Madeleine Pelletier psychiatre et militante féministe française (1874 – 1939)


 


Un Traître


 


« La vertu est toujours punie »


(Marquis de Sade)





 


Jacques ne s’était pas donné la peine de naître.


Le hasard, c’est-à-dire la somme d’inconnues qui préside à nos formations, l’avait fait éclore génial dans un milieu pauvre et incultivé.


Durant toute son enfance, il avait été un incompris. Ses parents le jugeaient bizarre ; ses maîtres le punissaient comme indiscipliné. Il aurait pu, s’il l’avait voulu, être un excellent écolier, mais il était un peu paresseux ; aucune ambiance d’ailleurs ne le stimulait au travail.

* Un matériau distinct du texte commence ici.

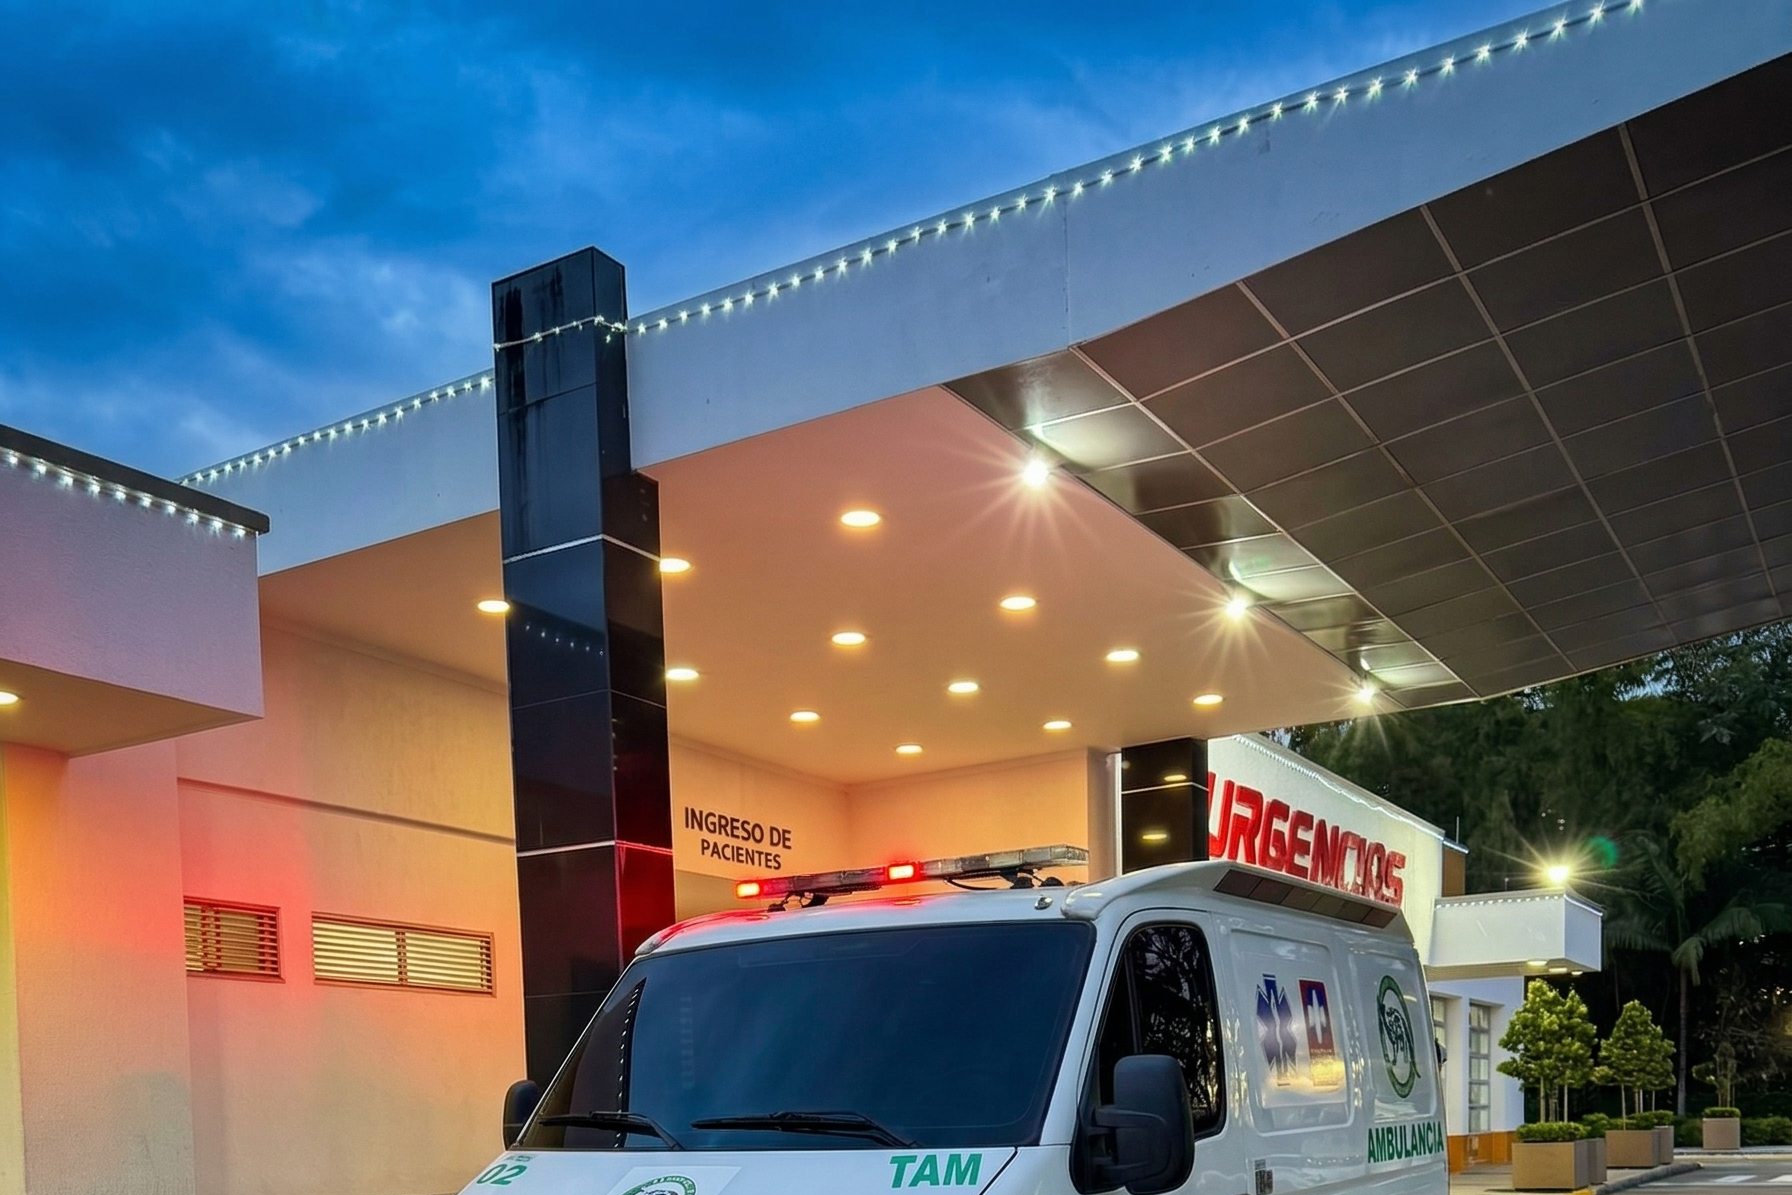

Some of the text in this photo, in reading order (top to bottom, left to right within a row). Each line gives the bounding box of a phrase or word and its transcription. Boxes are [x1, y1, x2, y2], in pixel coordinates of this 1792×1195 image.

[684, 806, 792, 850] INGRESO DE
[701, 839, 782, 870] PACIENTES
[1368, 1120, 1444, 1163] AMBULANCIA
[476, 1163, 528, 1186] 02
[889, 1153, 982, 1188] TAM

À treize ans, ses parents l’avaient mis en apprentissage chez un relieur ; à l’atelier comme à l’école et dans sa famille, il détonnait. D’un naturel gai, il avait volontiers le mot pour rire, mais ce mot ne faisait pas rire parce qu’on ne le comprenait pas.


Un jour, il avait environ seize ans, il entrevit comme sur un chemin de Damas l’utilité de la culture intellectuelle. On l’avait envoyé en course chez un libraire du quartier latin. Dans le jour baissant d’un après-midi d’hiver, la silhouette du Panthéon dominant sur un fond de ciel gris la rue Soufflot lui était apparue. Des bandes d’étudiants bien mis, la  serviette sous le bras, dévalaient les trottoirs. Il eut un brusque coup au cœur ; il se trouvait ignominieux avec son bourgeron bleu et le paquet enveloppé de toile qu’il portait sur son dos : il se prit à regretter amèrement les années perdues à son école primaire. Mais une voix intérieure lui dit qu’il était encore très jeune et qu’il pouvait réparer.

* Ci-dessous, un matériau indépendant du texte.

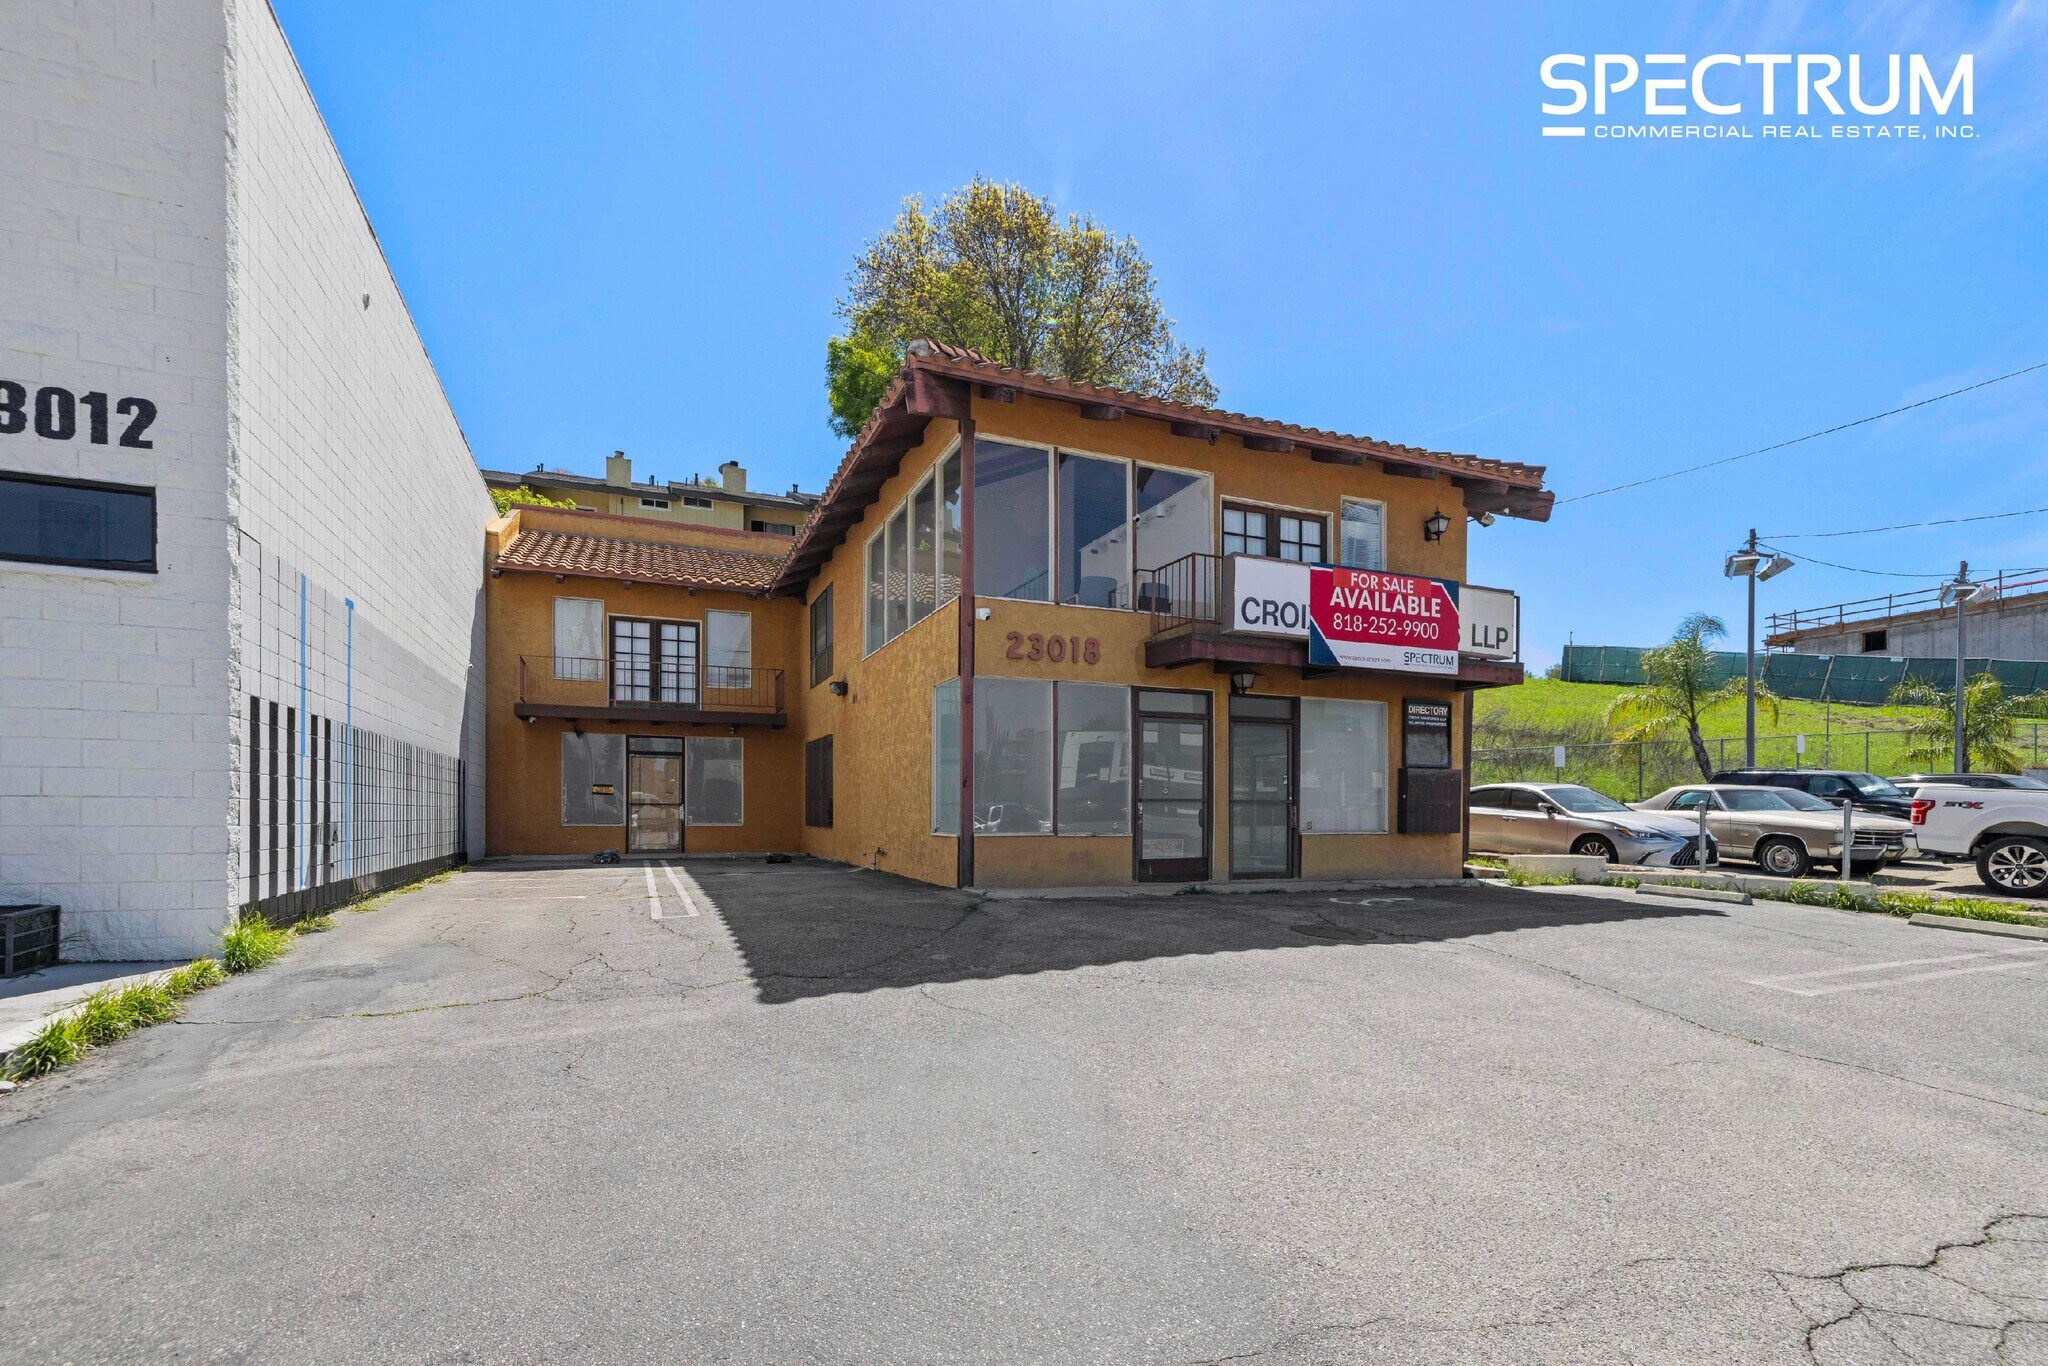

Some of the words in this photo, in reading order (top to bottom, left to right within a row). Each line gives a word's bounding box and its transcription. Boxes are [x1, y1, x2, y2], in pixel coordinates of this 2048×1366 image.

[1351, 572, 1378, 590] FOR
[1382, 578, 1414, 594] SALE
[1241, 597, 1310, 629] CROI
[1330, 586, 1441, 618] AVAILABLE
[1333, 613, 1439, 640] 818-252-9900
[1471, 623, 1509, 650] LLP
[1006, 631, 1101, 665] 23018
[1403, 651, 1454, 666] SPECTRUM
[1408, 705, 1448, 716] DIRECTORY

Il essaya de s’ouvrir à son père de ses nouvelles dispositions ; naturellement, on ne l’écouta pas.


— Quitter la reliure, alors que ton apprentissage est presque fini ? Retourner à l’école ? Est-ce que tu n’es pas fou ? Penses-tu que moi et ta mère nous allons t’entretenir à ne rien faire jusqu’à la fin de tes jours ? Tu as vraiment de drôles d’idées parfois, et si ta mère n’était pas une honnête femme, j’en viendrais à croire que tu n’es pas mon fils !


Mis en état de gagner son pain, Jacques quitta la maison paternelle. Les moralistes traditionnels pourront le blâmer, mais il voulait faire sa vie. La dépendance familiale dans un milieu grossier lui pesait depuis longtemps. Il l’avait rêvée bien des fois cette minute où il pourrait enfin prendre congé du logis triste, des disputes continuelles pour des riens, des railleries qui accueillaient ses vagues aspirations, lorsqu’il lui arrivait de les dire ; ses lectures dont on se moquait.

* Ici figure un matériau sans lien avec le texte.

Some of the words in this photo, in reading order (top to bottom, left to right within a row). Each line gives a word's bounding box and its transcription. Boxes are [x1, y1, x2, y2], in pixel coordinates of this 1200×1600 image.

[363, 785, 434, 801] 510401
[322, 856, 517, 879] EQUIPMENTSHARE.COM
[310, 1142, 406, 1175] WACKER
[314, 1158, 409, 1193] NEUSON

— Le voilà encore plongé dans les bouquins ; quel enfant, grand Dieu ! Muet comme une carpe ; on n’a guère de satisfaction avec lui !


Il avait vu, affichée sur les murs, la réclame d’une école par correspondance. Pour une somme modique, disait l’affiche, on pouvait recevoir des livres, des cours imprimés, des devoirs que l’on vous retournait corrigés. Au bout de quelques années d’études, l’école vous faisait subir un examen et on devenait ingénieur.


Ingénieur ! Quel rêve ! Sortir enfin de la classe des parias, vivre la vie supérieure de l’intelligence. 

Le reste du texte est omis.